**ASSIGNED TASK**. Return every entry below word for word and leave out any picture.

**RAW DATA**.
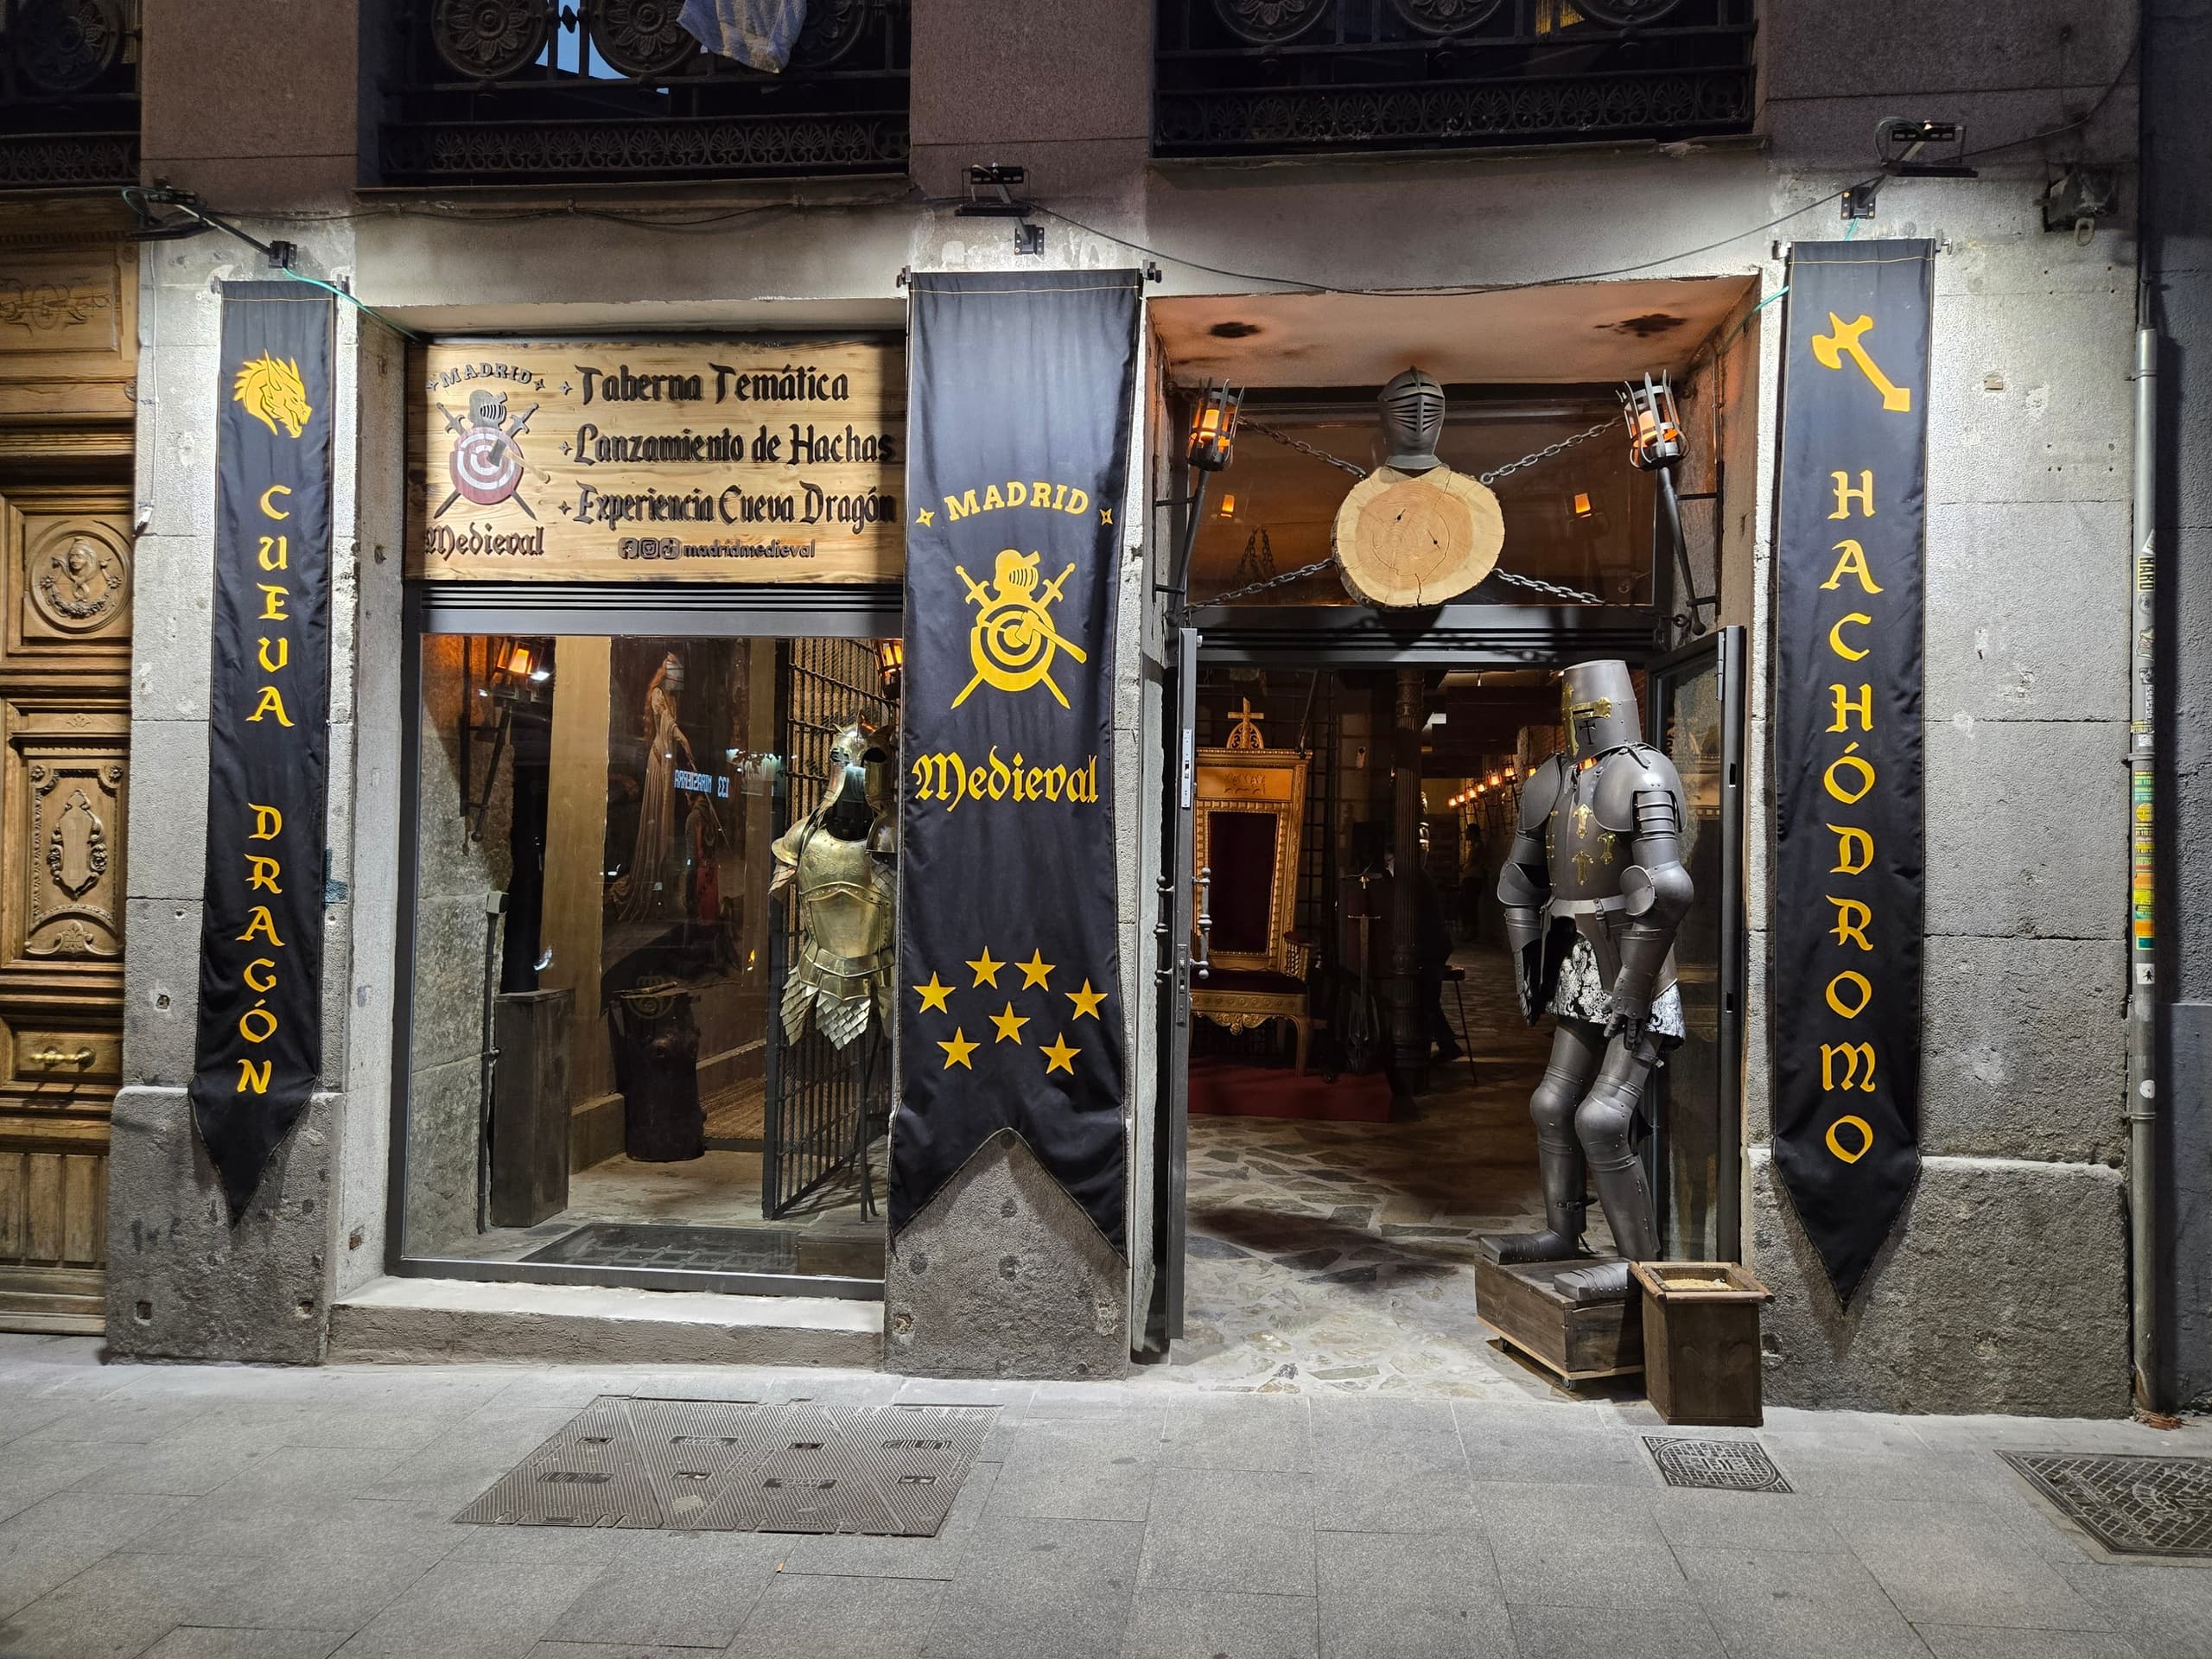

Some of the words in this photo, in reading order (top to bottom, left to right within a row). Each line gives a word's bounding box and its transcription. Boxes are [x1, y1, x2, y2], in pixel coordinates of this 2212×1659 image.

[439, 362, 533, 388] MADRID
[575, 364, 702, 405] Taberna
[709, 362, 849, 404] Temática
[574, 423, 744, 466] Lanzamiento
[752, 423, 782, 462] de
[785, 423, 894, 466] Hachas
[572, 480, 715, 531] Experiencia
[718, 484, 796, 525] Cueva
[798, 480, 897, 535] Dragón
[944, 481, 1090, 522] MADRID
[424, 521, 545, 562] Medieval
[683, 539, 816, 559] madridmedieval
[2139, 556, 2155, 591] HARD
[245, 484, 295, 728] CUEVA
[911, 745, 1099, 812] Medieval
[236, 803, 285, 1095] DRAGÓN
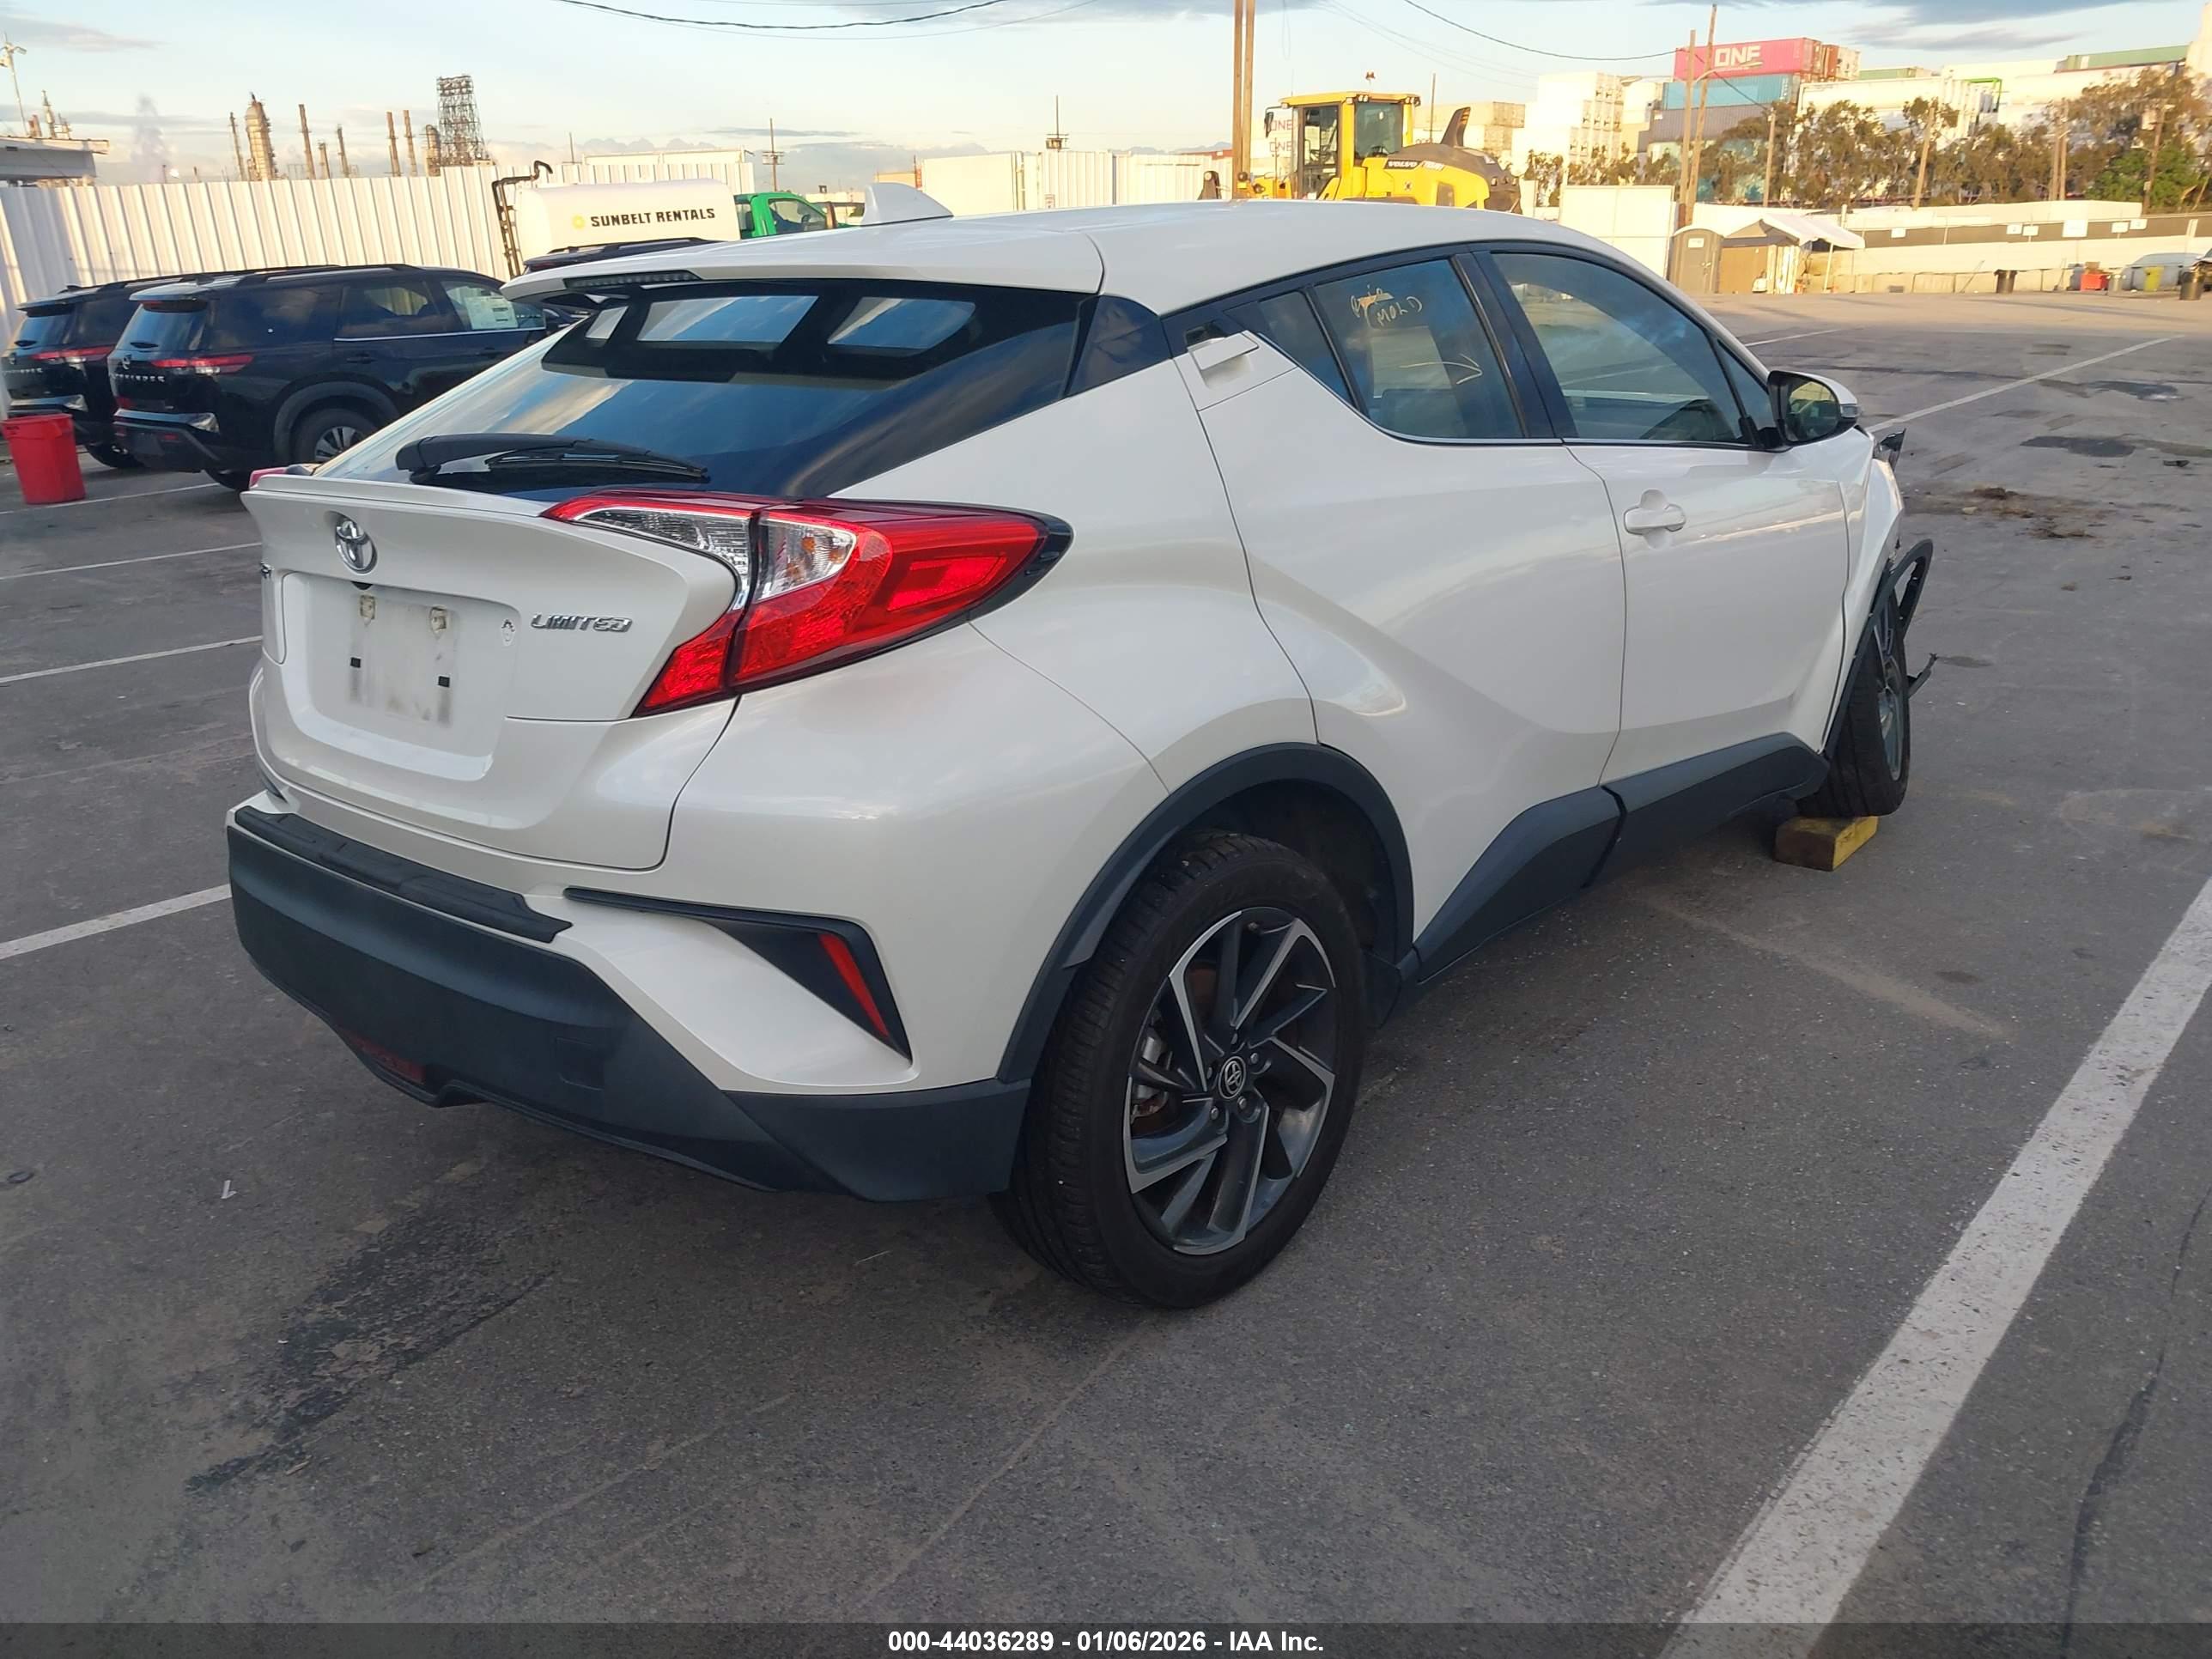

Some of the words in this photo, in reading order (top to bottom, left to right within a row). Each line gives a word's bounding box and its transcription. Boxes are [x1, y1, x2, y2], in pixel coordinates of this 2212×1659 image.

[1715, 46, 1762, 67] ONE
[590, 212, 652, 228] SUNBELT
[656, 208, 715, 223] RENTALS
[530, 613, 633, 633] LIMITED

**TASK SOLUTION**.
Some of the words in this photo, in reading order (top to bottom, left to right within a row). Each line gives a word's bounding box and its transcription. Boxes are [x1, y1, x2, y2], in pixel coordinates of this 2212×1659 image.

[439, 362, 533, 388] MADRID
[575, 364, 702, 405] Taberna
[709, 362, 849, 404] Temática
[574, 423, 744, 466] Lanzamiento
[752, 423, 782, 462] de
[785, 423, 894, 466] Hachas
[572, 480, 715, 531] Experiencia
[718, 484, 796, 525] Cueva
[798, 480, 897, 535] Dragón
[944, 481, 1090, 522] MADRID
[424, 521, 545, 562] Medieval
[683, 539, 816, 559] madridmedieval
[2139, 556, 2155, 591] HARD
[245, 484, 295, 728] CUEVA
[911, 745, 1099, 812] Medieval
[236, 803, 285, 1095] DRAGÓN

Some of the words in this photo, in reading order (top to bottom, left to right within a row). Each line gives a word's bounding box and its transcription. Boxes are [x1, y1, x2, y2], in pixel coordinates of this 2212×1659 image.

[1715, 46, 1762, 67] ONE
[590, 212, 652, 228] SUNBELT
[656, 208, 715, 223] RENTALS
[530, 613, 633, 633] LIMITED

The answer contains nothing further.